Supplied records:
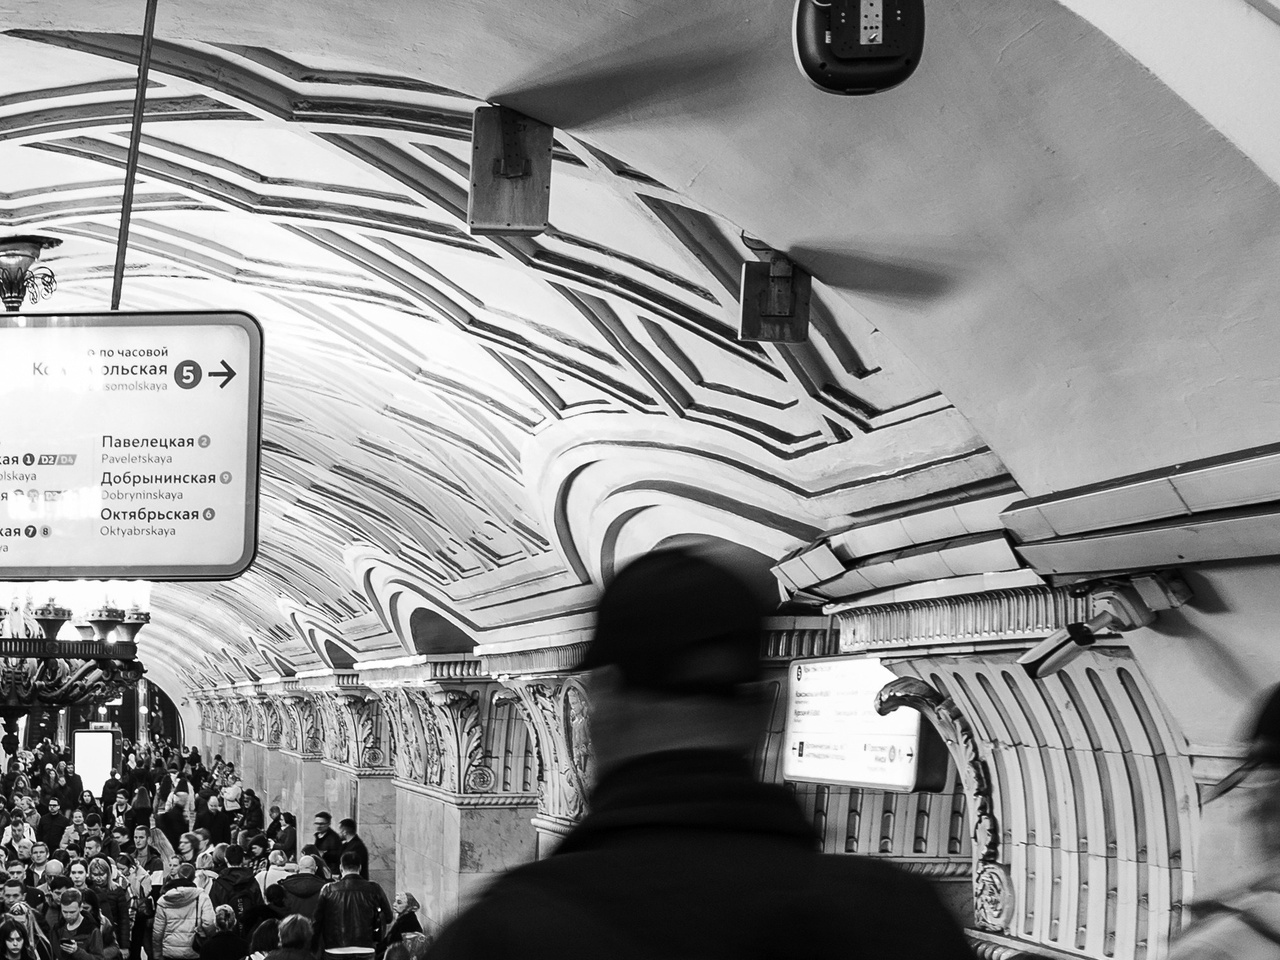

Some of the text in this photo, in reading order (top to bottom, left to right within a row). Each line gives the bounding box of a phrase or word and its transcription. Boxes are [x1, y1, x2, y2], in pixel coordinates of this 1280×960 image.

[118, 347, 168, 357] часовой
[33, 362, 168, 375] Кольская
[90, 380, 168, 392] somolskaya
[103, 436, 194, 449] Павелецкая
[102, 453, 172, 465] Paveletskaya
[101, 471, 216, 486] Добрынинская
[101, 507, 199, 522] Октябрьская
[100, 526, 176, 537] Oktyabrskaya

Your goal: A verbatim transcription of the records, pictures excluded, is the required output.

Exercise solution:
Some of the text in this photo, in reading order (top to bottom, left to right within a row). Each line gives the bounding box of a phrase or word and its transcription. Boxes are [x1, y1, x2, y2], in pixel coordinates of this 1280×960 image.

[118, 347, 168, 357] часовой
[33, 362, 168, 375] Кольская
[90, 380, 168, 392] somolskaya
[103, 436, 194, 449] Павелецкая
[102, 453, 172, 465] Paveletskaya
[101, 471, 216, 486] Добрынинская
[101, 507, 199, 522] Октябрьская
[100, 526, 176, 537] Oktyabrskaya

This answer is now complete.